More recent clangers have occurred, too. Guaranteeing funds for metal tycoon Sanjeev Gupta to build plants in Scotland looks like a poor decision now that he is under investigation by the UK accountancy watchdog. Politicians, it transpires, do not pick winners well.
Do not expect that to stop them. De-globalisation, which shatters supply chains and encourages the erecting of protectionist barriers every which way, means more rather than fewer subsidies. Take semiconductor chips. European nations are committing €145bn to designing and producing local semiconductors. The US plans to stump up $37bn. Japan has identified chip making a national project.

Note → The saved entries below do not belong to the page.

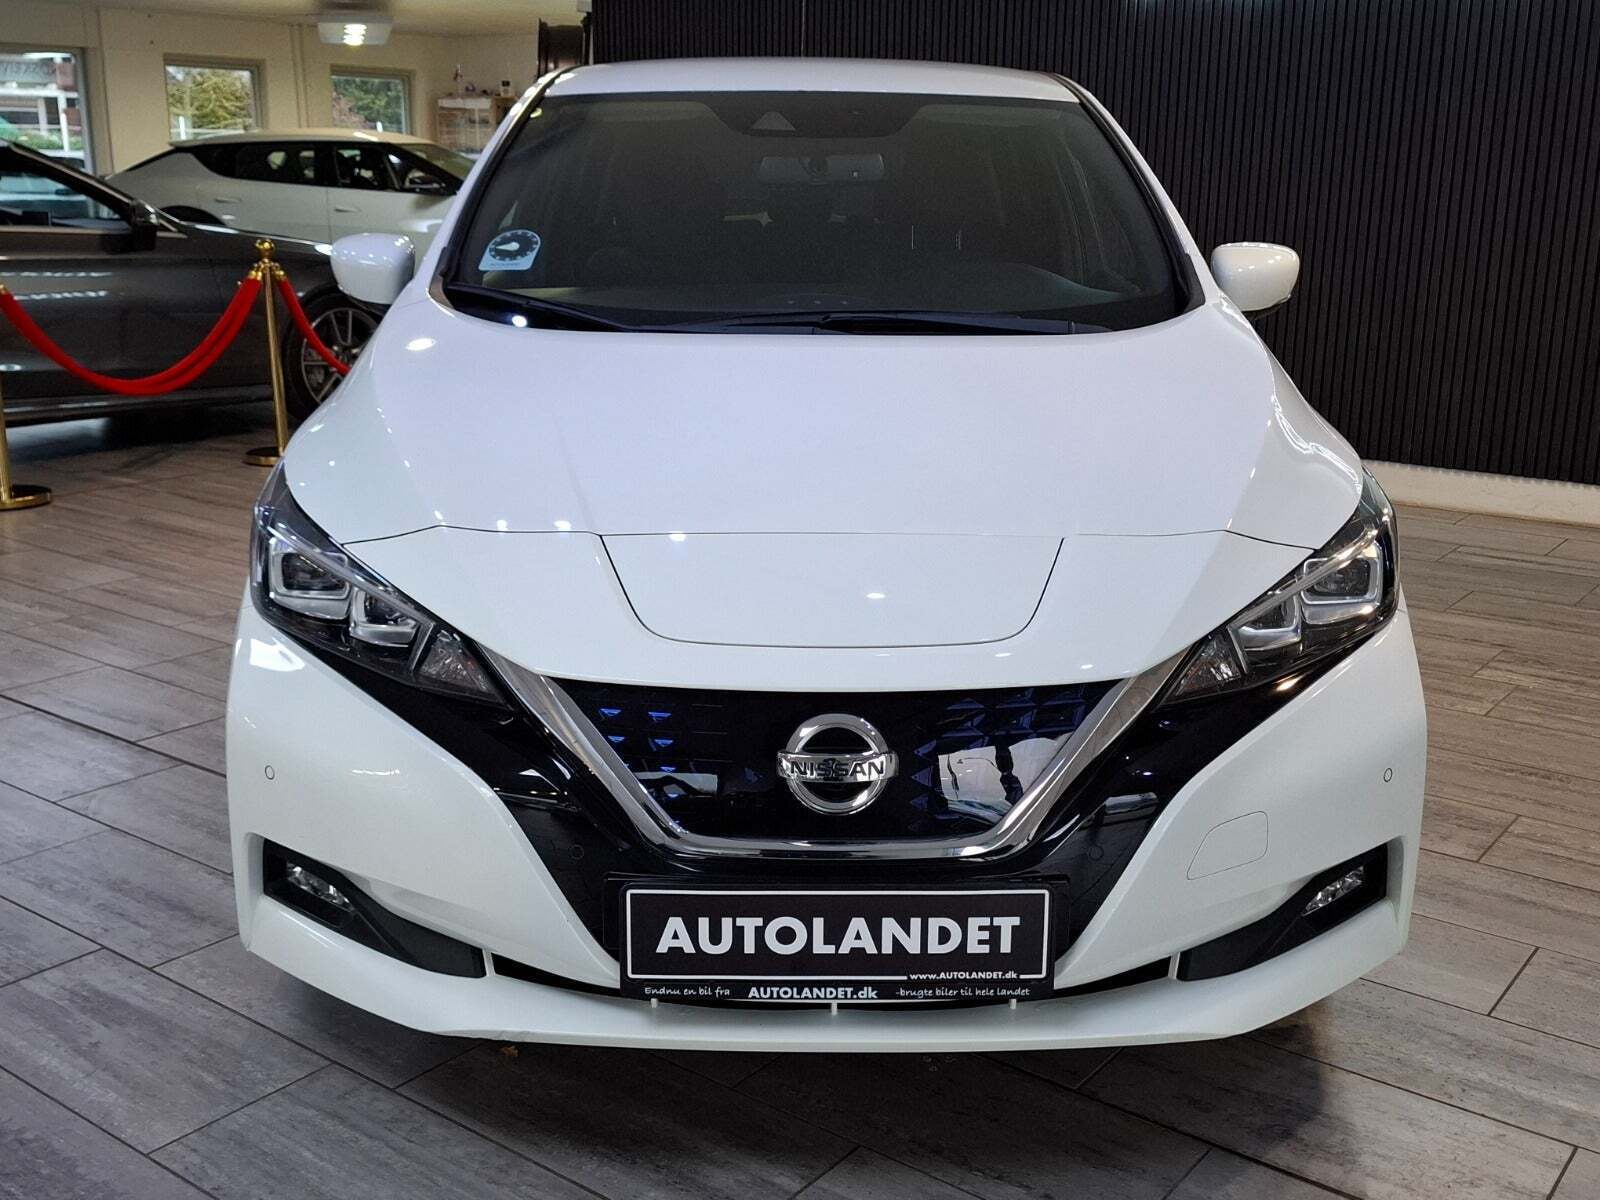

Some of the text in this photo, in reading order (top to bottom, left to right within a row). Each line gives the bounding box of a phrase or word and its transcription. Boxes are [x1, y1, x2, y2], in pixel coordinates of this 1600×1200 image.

[790, 760, 884, 777] NISSAN
[655, 916, 1021, 955] AUTOLANDET
[909, 970, 1019, 981] www.AUTOLANDET.dk
[644, 986, 731, 998] Endnu en bil fra
[748, 986, 879, 1000] AUTOLANDET.dk
[935, 986, 959, 997] biler
[960, 986, 973, 997] til
[975, 986, 994, 997] hele
[996, 986, 1031, 997] landet

Other sectors, particularly in tech, also receive state resources via government policy. Washington is irked at Beijing’s Made in China 2025 blueprint — derided as the Chinese government’s bid “to steal and subsidise and ultimately compete its way to the top of the global production value chain”. It has responded with a rather similar US version.
Under the mammoth Innovation and Competition Act, Washington earmarks some $120bn for areas championed by Beijing, including AI and quantum computing.
Britain’s own bespoke subsidy system will be “simple, nimble and based on common sense principles”, according to business minister Paul Scully. Those words should raise yellow flags. Nimbleness and speed sound like badly suited attributes for a government which has already received accusations of cronyism during the pandemic. Common sense principles jibe with the tardy rollout of a homegrown track and trace app, six months after development of similar apps elsewhere using open-source technology.
Pre-pandemic, the world was already spending hundreds of billions of dollars propping up selected sectors and companies. Subsidies, like currency devaluations and tax breaks, inevitably entail a race to the bottom. The chase is on.